The city of Durango says a hotel will eventually fill the big hole in the ground along East Second Avenue between Fourth and Fifth streets. In fact, the city hopes to issue a building permit within the next 30 days.

Dear Action Line: Why are there no county roads in the 400s in La Plata County? They skipped right over them and went right to 500! – Jumbled

Dear Jumbled: The 400s were not forgotten, said Megan Graham, spokeswoman for the county.

“Back in the olden days, there were county roads among the 100s, 200s, 300s, 400s and 500s, but sometime in the 1940s or ’50s, the five county road districts got combined into just four – largely to streamline the maintenance structure for La Plata County’s vast and far-reaching road system,” she said.
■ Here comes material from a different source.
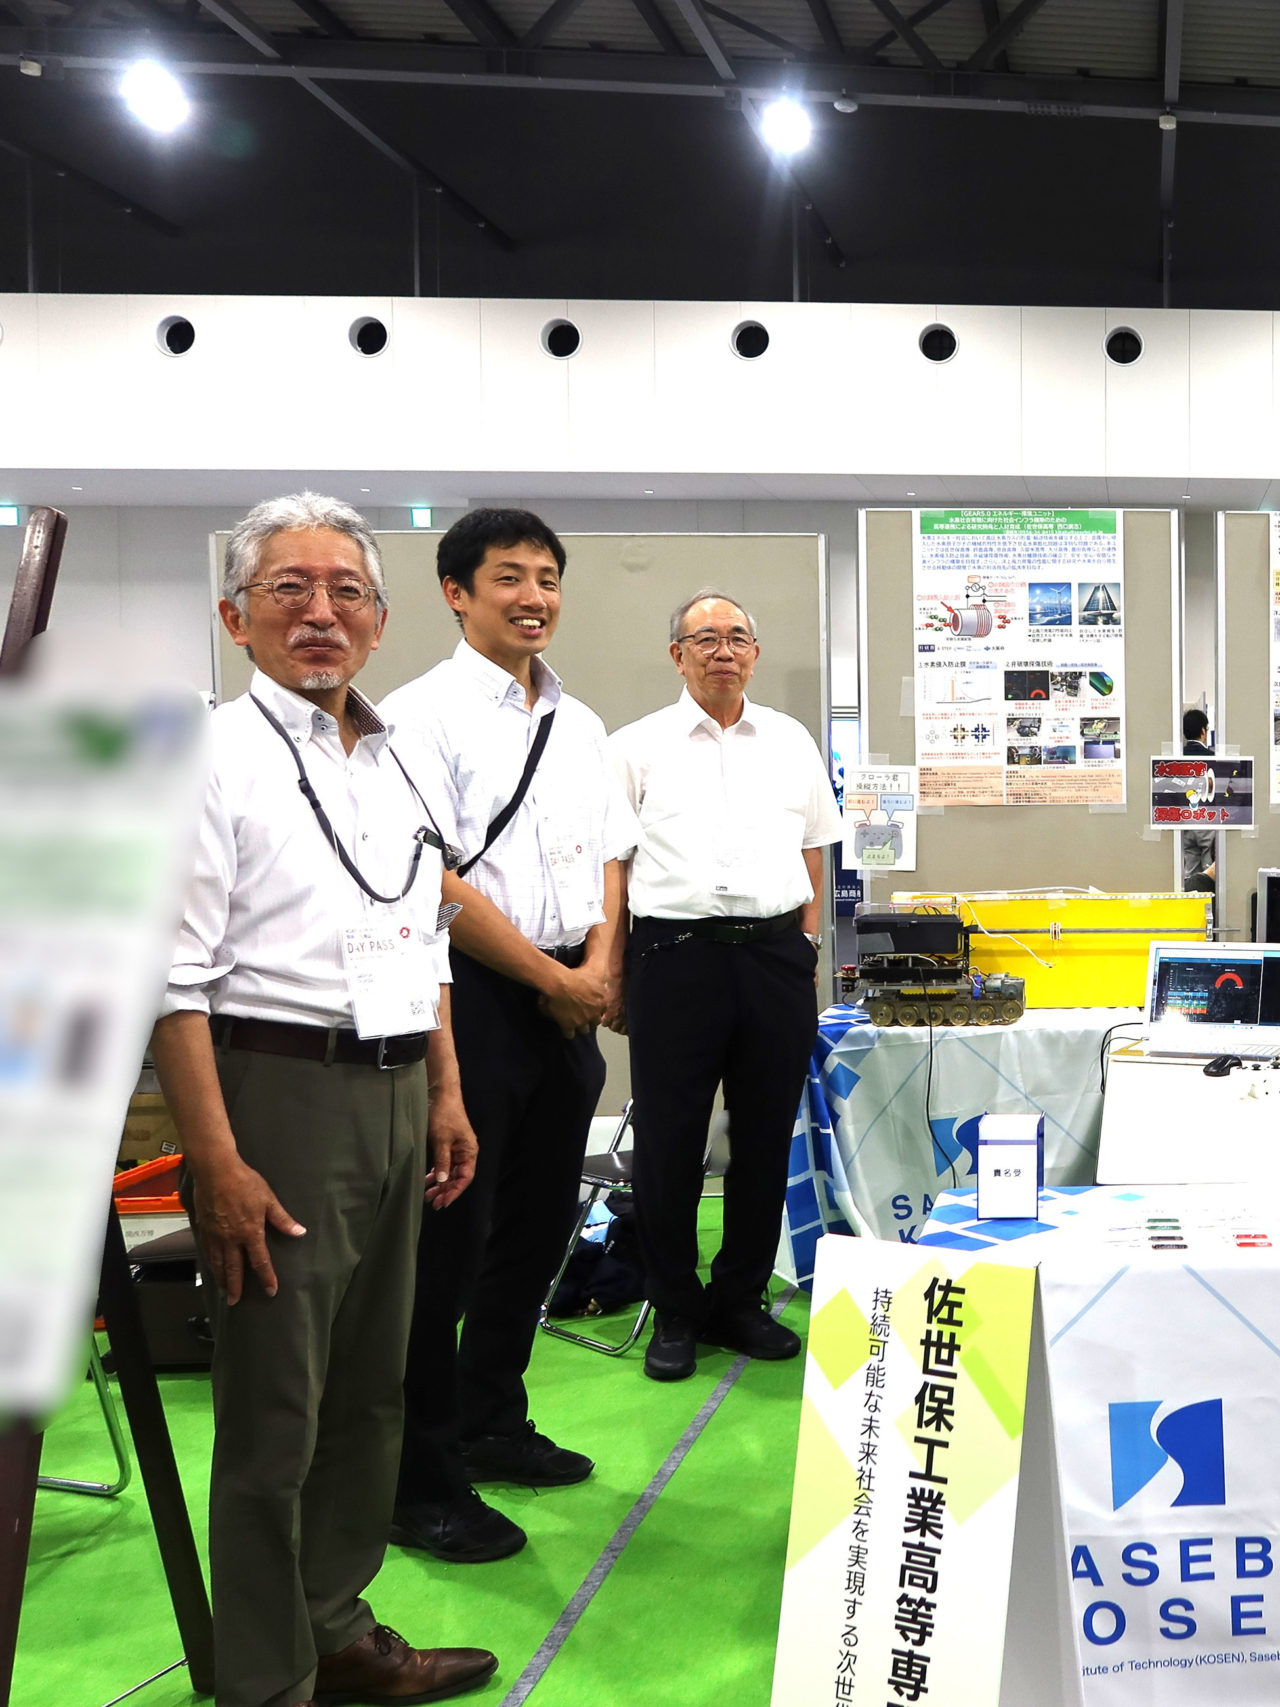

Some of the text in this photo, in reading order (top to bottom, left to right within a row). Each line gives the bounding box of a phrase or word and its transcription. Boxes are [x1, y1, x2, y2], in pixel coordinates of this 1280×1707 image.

[369, 939, 395, 952] PASS
[886, 1276, 966, 1707] 佐世保工業高等専
[1082, 1664, 1109, 1677] itute
[1112, 1662, 1125, 1674] of
“At that time, the 400s got divvied among the 300s and 500s to even out the districts. Why not just get rid of the 500s, you ask?”
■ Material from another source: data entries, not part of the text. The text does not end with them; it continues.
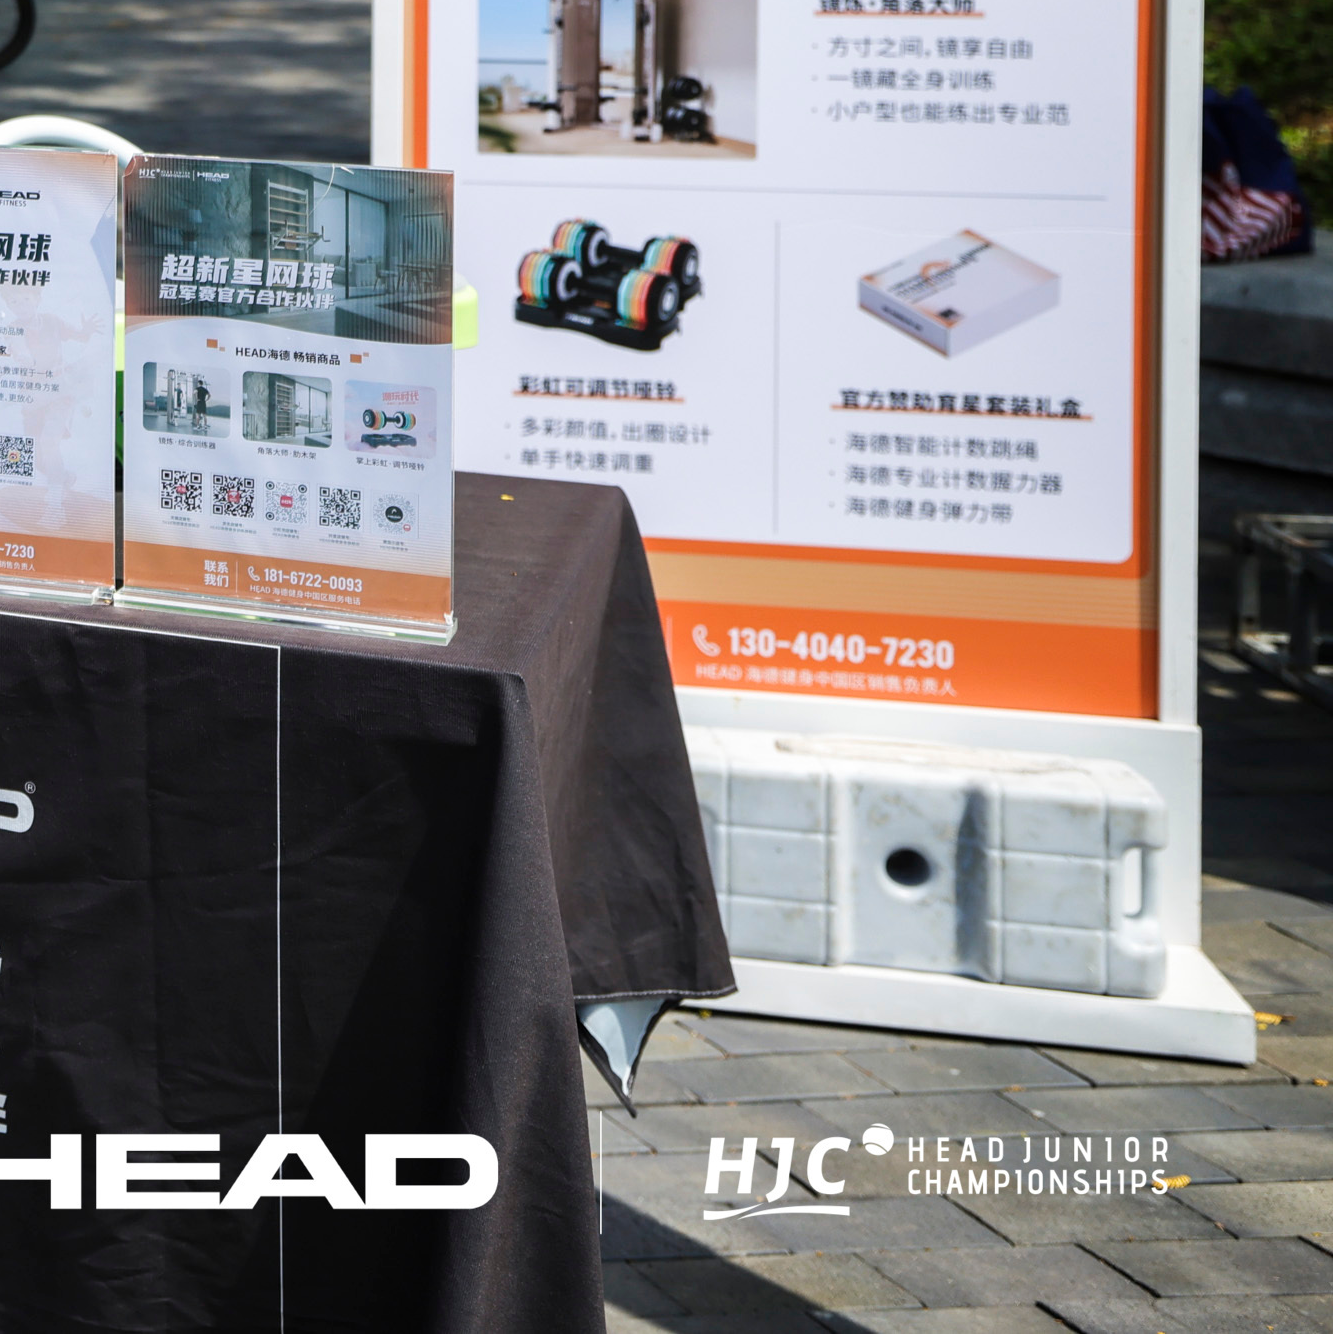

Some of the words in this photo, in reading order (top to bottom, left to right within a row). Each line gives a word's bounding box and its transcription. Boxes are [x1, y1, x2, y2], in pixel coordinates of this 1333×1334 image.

[0, 199, 27, 207] FITNESS
[161, 253, 335, 290] 超新星网球
[159, 283, 335, 310] 冠军赛官方合作伙伴
[235, 347, 290, 362] HEAD海德
[293, 350, 340, 366] 畅销商品
[204, 559, 229, 573] 联系
[204, 573, 229, 588] 我们
[263, 567, 363, 593] 181-6722-0093
[250, 585, 271, 594] HEAD
[272, 587, 361, 606] 海德健身中国区服务电话
[727, 627, 954, 670] 130-4040-7230
[695, 664, 743, 681] HEAD
Hey Megan, why not just get rid of the 500s?

“Good question – and the institutional memory is not long enough to know for certain, but it is a reasonable assumption that there were fewer addresses on the 400s, therefore making it easier to change those than the larger number of addresses among the 500s that would have required an identity change.”

There’s also the unreasonable assumption that the 400s were just the weaker roads and the stronger 300s and 500s absorbed them like the Borg on Star Trek. Resistance was futile.

Dear Action Line: What’s with the black plastic the city installed a while back along the river trail behind River City Hall? – Like My Trails

Dear Trails: That was silt fencing installed for stormwater management during the reconstruction of the Animas River Trail in Iris Park and Riverfront Park (behind River City Hall), said Cathy Metz, director of the city’s Parks and Recreation Department.

“The project also included a root barrier to prevent the tree roots from pushing up the new trail surface,” she said.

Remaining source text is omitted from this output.